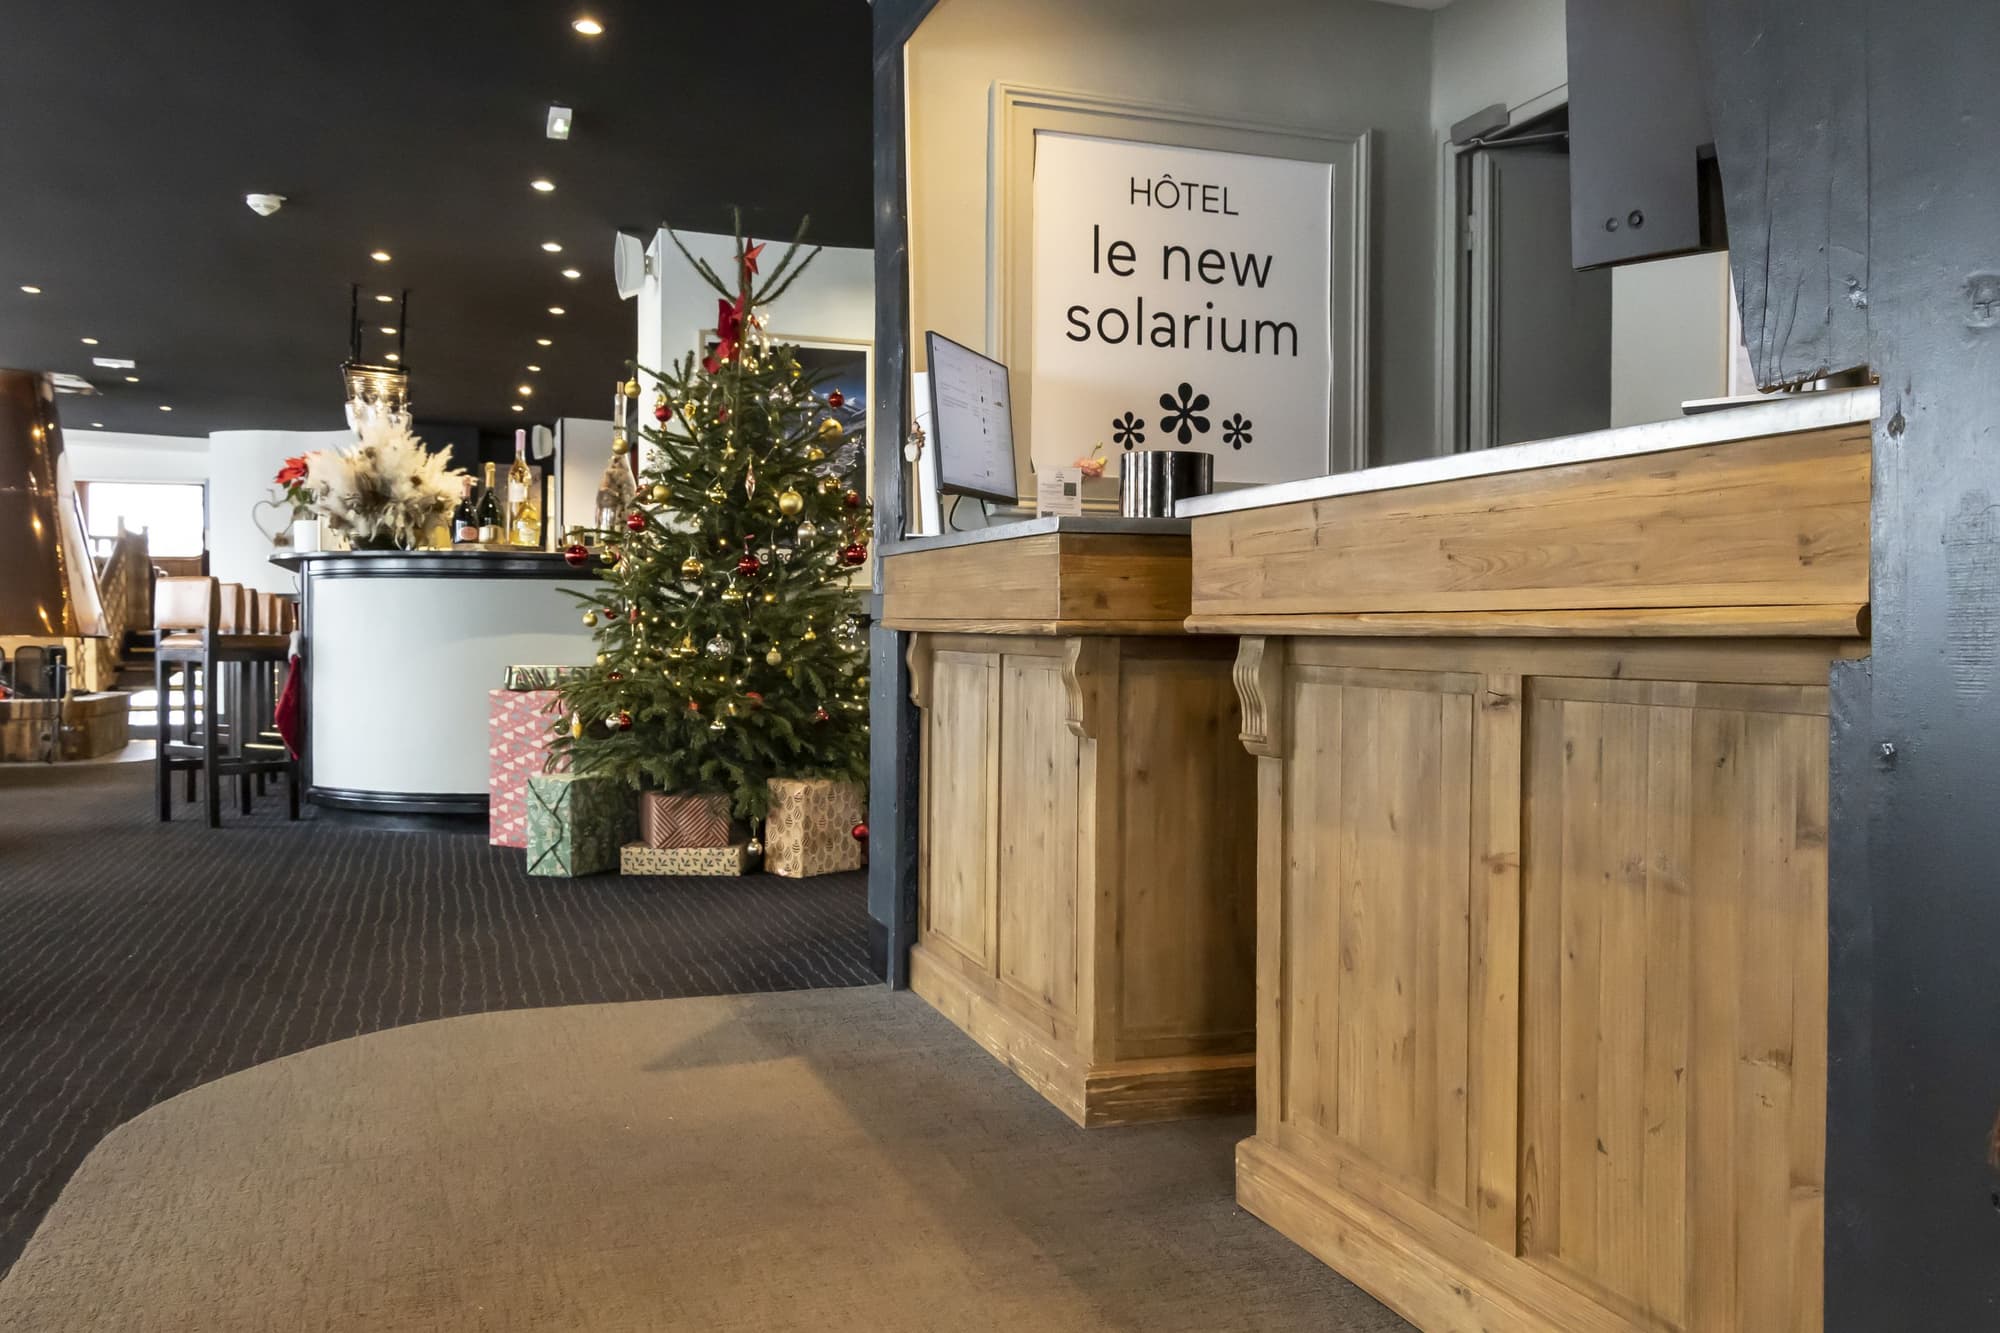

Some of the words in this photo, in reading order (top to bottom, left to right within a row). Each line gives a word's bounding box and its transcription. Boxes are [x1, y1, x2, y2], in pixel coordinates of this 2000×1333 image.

[1130, 173, 1239, 216] HÔTEL
[1093, 224, 1137, 277] le
[1163, 245, 1273, 289] new
[1066, 296, 1298, 357] solarium
------------
* _TASK ITEM_:
Omit all pictures while transcribing the entries verbatim.

* _ANSWER TO THIS TASK_:
Some of the words in this photo, in reading order (top to bottom, left to right within a row). Each line gives a word's bounding box and its transcription. Boxes are [x1, y1, x2, y2], in pixel coordinates of this 2000×1333 image.

[1130, 173, 1239, 216] HÔTEL
[1093, 224, 1137, 277] le
[1163, 245, 1273, 289] new
[1066, 296, 1298, 357] solarium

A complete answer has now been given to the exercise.